#### [Task directions]
Reprint every line of the data, keeping each character intact.

+ + + + +

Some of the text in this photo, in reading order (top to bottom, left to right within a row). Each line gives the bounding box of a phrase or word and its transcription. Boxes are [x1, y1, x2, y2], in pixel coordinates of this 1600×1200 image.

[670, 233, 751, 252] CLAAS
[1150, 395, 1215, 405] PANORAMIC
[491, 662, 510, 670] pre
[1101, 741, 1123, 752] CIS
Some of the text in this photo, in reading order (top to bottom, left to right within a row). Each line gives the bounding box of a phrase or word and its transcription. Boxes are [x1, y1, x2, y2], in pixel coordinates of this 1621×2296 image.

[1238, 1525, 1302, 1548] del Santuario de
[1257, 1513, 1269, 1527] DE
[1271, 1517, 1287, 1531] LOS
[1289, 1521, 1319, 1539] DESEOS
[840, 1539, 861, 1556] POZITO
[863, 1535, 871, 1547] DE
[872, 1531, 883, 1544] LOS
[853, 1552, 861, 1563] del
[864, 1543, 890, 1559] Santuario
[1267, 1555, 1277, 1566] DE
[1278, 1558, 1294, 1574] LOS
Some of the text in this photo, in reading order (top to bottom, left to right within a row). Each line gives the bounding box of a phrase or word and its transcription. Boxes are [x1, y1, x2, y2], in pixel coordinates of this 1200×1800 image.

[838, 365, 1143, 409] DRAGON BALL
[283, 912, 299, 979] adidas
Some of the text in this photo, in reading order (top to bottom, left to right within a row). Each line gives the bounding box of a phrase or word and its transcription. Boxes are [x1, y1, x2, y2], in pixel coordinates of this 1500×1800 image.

+ + + + +

#### [Written response]
Some of the text in this photo, in reading order (top to bottom, left to right within a row). Each line gives the bounding box of a phrase or word and its transcription. Boxes are [x1, y1, x2, y2], in pixel coordinates of this 1600×1200 image.

[670, 233, 751, 252] CLAAS
[1150, 395, 1215, 405] PANORAMIC
[491, 662, 510, 670] pre
[1101, 741, 1123, 752] CIS
Some of the text in this photo, in reading order (top to bottom, left to right within a row). Each line gives the bounding box of a phrase or word and its transcription. Boxes are [x1, y1, x2, y2], in pixel coordinates of this 1621×2296 image.

[1238, 1525, 1302, 1548] del Santuario de
[1257, 1513, 1269, 1527] DE
[1271, 1517, 1287, 1531] LOS
[1289, 1521, 1319, 1539] DESEOS
[840, 1539, 861, 1556] POZITO
[863, 1535, 871, 1547] DE
[872, 1531, 883, 1544] LOS
[853, 1552, 861, 1563] del
[864, 1543, 890, 1559] Santuario
[1267, 1555, 1277, 1566] DE
[1278, 1558, 1294, 1574] LOS
Some of the text in this photo, in reading order (top to bottom, left to right within a row). Each line gives the bounding box of a phrase or word and its transcription. Boxes are [x1, y1, x2, y2], in pixel coordinates of this 1200×1800 image.

[838, 365, 1143, 409] DRAGON BALL
[283, 912, 299, 979] adidas
Some of the text in this photo, in reading order (top to bottom, left to right within a row). Each line gives the bounding box of a phrase or word and its transcription. Boxes are [x1, y1, x2, y2], in pixel coordinates of this 1500×1800 image.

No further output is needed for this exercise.